Kegiatan yang digelar oleh mahasiswa angkatan 2023 ini merupakan bagian dari implementasi pembelajaran mata kuliah Intercultural Communication yang menghadirkan berbagai budaya dari berbagai negara dalam satu ruang edukatif dan interaktif.
Melalui konsep universe of cultures, mahasiswa menampilkan beragam booth budaya dunia lengkap dengan kostum tradisional, pertunjukan budaya hingga berbagai informasi mengenai kebiasaan dan karakteristik masyarakat dari berbagai negara. Acara ini menjadi wadah pembelajaran nyata mengenai pentingnya komunikasi lintas budaya di era global.
Baca juga: Jelang Wisuda 2026, 61 Persen Mahasiswa Unikama Dipastikan Terserap di Dunia Kerja
Ketua pelaksana sekaligus perwakilan mahasiswa angkatan 2023, Almira Zada menyampaikan rasa syukur dan kebanggaannya atas terselenggaranya kegiatan itu. Ia mengungkapkan bahwa Cultureverse 2026 menjadi salah satu momen berharga bagi mahasiswa sebelum menjalani berbagai agenda akademik selanjutnya seperti KKN dan ALP.
“Cultureverse 2026 adalah semesta budaya. Kami mencoba membangun ruang di mana berbagai budaya dunia dapat hadir bersama dalam satu tempat. Meski persiapannya tidak mudah, melihat seluruh booth berdiri, kostum yang dikenakan dan antusiasme semua yang hadir membuat semuanya terasa sangat berarti,” ungkapnya.

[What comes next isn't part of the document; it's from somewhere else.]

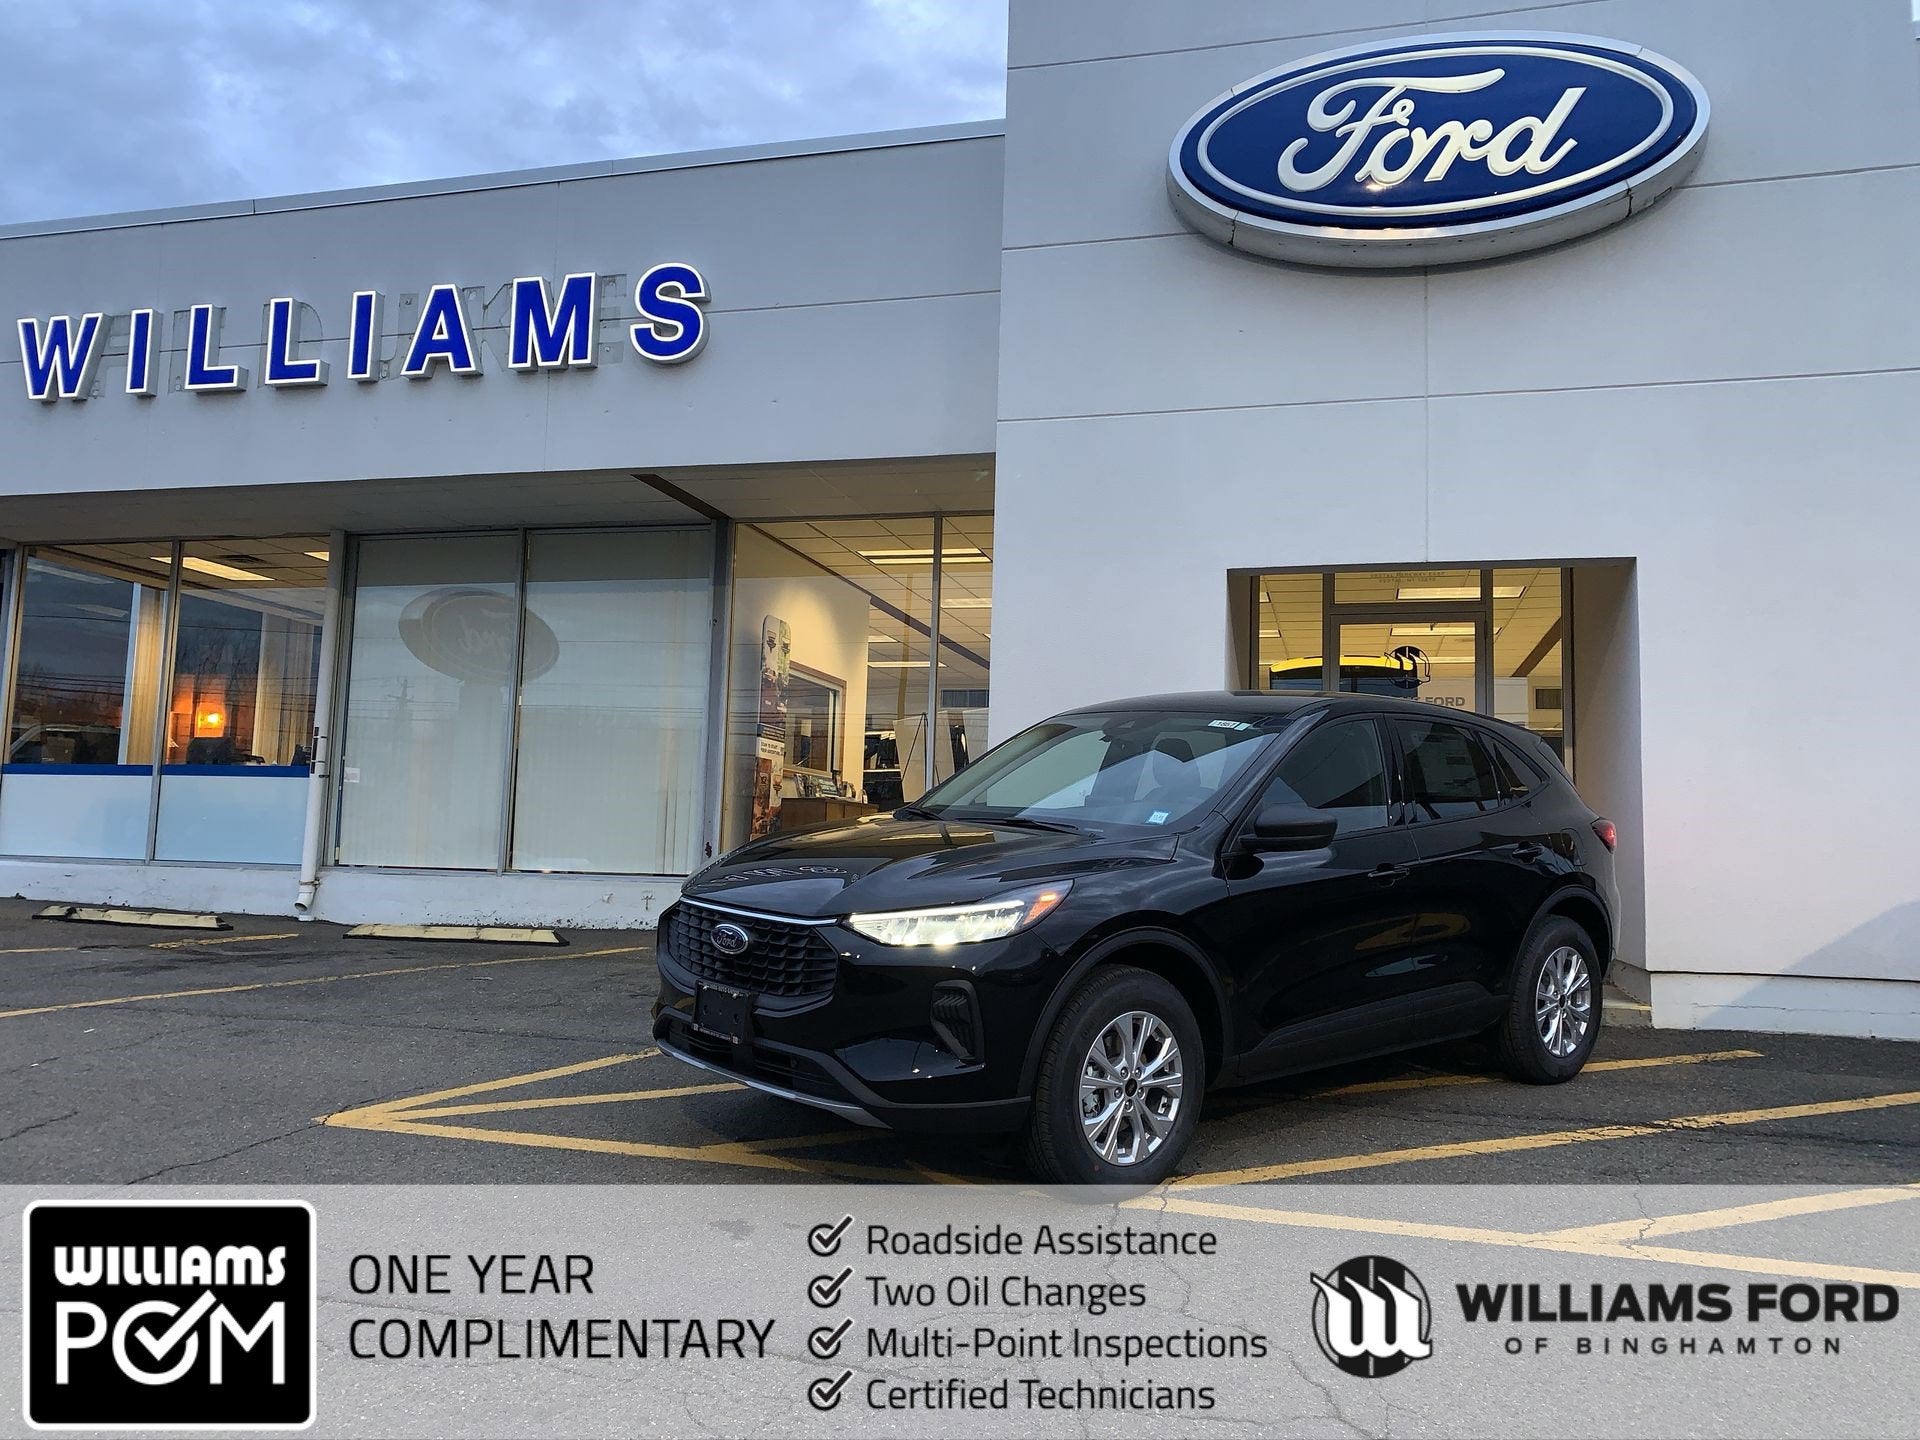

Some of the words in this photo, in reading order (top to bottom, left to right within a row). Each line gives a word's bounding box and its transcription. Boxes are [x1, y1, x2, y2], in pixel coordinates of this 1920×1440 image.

[1277, 68, 1587, 193] Ford
[17, 262, 711, 401] WILLIAMS
[1425, 696, 1466, 707] FORD

Almira menambahkan bahwa kegiatan tersebut bukan sekadar ujian akhir mata kuliah. Tetapi juga menjadi momen kebersamaan yang berkesan bagi mahasiswa angkatan 2023.

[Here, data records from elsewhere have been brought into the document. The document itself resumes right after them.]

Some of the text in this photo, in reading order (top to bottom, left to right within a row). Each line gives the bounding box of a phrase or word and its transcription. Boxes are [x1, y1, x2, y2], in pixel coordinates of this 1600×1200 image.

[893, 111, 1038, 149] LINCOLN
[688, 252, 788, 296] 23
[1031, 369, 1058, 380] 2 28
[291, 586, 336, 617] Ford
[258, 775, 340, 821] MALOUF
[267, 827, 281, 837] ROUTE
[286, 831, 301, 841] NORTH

Sementara itu, Direktur Direktorat Kemahasiswaan dan Alumni Unikama, Dr. Teguh Sulistyo, M.Pd, mengapresiasi kreativitas mahasiswa dalam kegiatan bertema komunikasi antar budaya itu. Dikatakan, kegiatan seperti Cultureverse sangat relevan dengan perkembangan dunia global saat ini.
Dia juga menekankan pentingnya memahami keberagaman budaya, baik melalui komunikasi verbal maupun non verbal. Ia mengingatkan mahasiswa untuk menghindari sikap etnosentrisme dan stereotip terhadap budaya lain.

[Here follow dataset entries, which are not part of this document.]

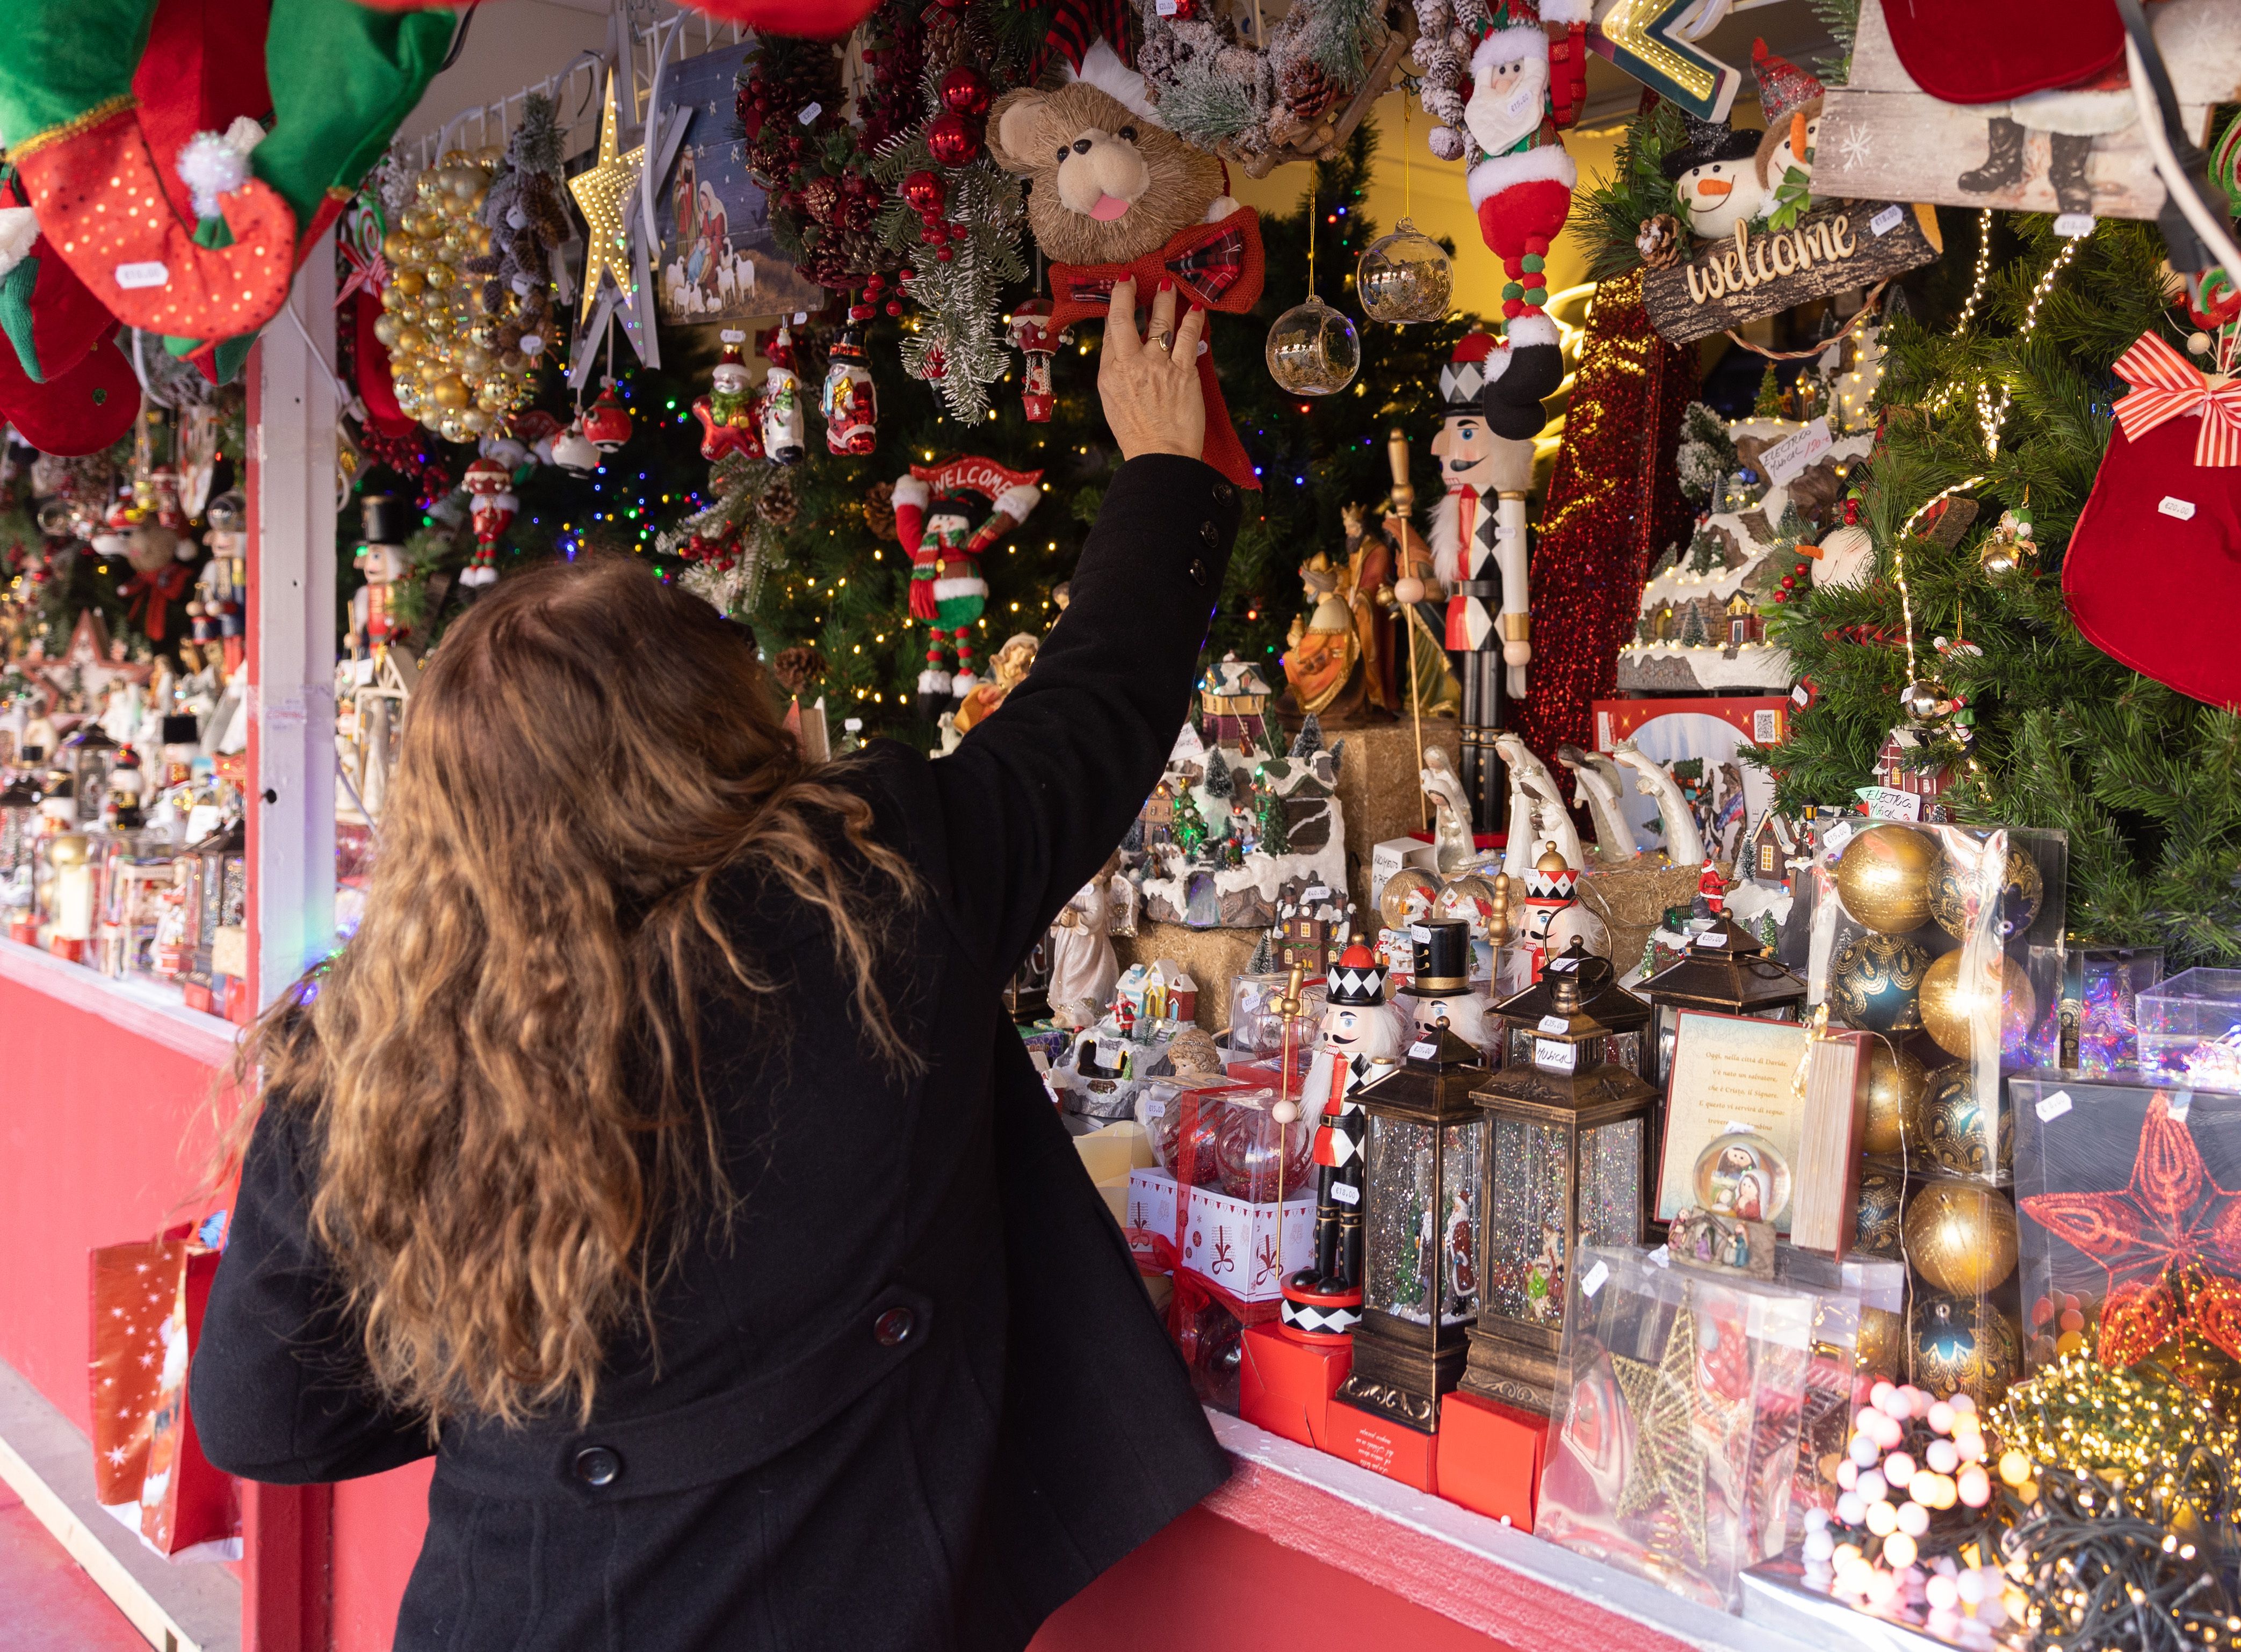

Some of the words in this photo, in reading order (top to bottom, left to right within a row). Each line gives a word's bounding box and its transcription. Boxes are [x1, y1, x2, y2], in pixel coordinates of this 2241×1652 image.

[1510, 93, 1529, 112] €15.00
[1874, 209, 1898, 226] €18.00
[1686, 215, 1856, 305] welcome
[930, 466, 1014, 501] WELCOME
[2164, 502, 2189, 515] €20.00
[1827, 828, 1847, 844] €15.00
[1412, 929, 1428, 939] €18.00
[1245, 995, 1260, 1006] €15.00
[1544, 1019, 1565, 1030] €35.00
[1414, 1046, 1433, 1055] €35.00
[1705, 1052, 1722, 1060] Oggi,
[1149, 1105, 1163, 1113] €15.00
[1705, 1101, 1726, 1110] questo
[1766, 1109, 1785, 1117] segno:
[1336, 1186, 1356, 1199] €18.00

“Kita hidup di dunia yang sangat berwarna. Setiap orang memiliki cara berbeda dalam mengekspresikan diri sesuai budaya masing masing. Karena itu, dalam intercultural communication kita harus membangun rasa saling menghormati dan tidak menilai orang lain berdasarkan perspektif kita sendiri,” tuturnya.
Baca juga: Prabusaka 2025 Meriah, Mahasiswa Unikama Tegaskan Komitmen Merawat Budaya Nusantara
Ia juga berharap kegiatan Cultureverse dapat menjadi agenda tahunan Program Studi Pendidikan Bahasa Inggris Unikama. Sebab kegiatan itu dinilai mampu memberikan pengalaman belajar yang aplikatif sekaligus memperkuat wawasan global mahasiswa.
Kegiatan semakin semarak dengan hadirnya berbagai penampilan budaya hingga diskusi mengenai isu budaya serta teknologi digital bersama narasumber internasional. Antusiasme tinggi dari mahasiswa menjadikan Cultureverse 2026 sebagai ruang kolaboratif untuk belajar, berbagi dan merayakan keberagaman budaya dunia.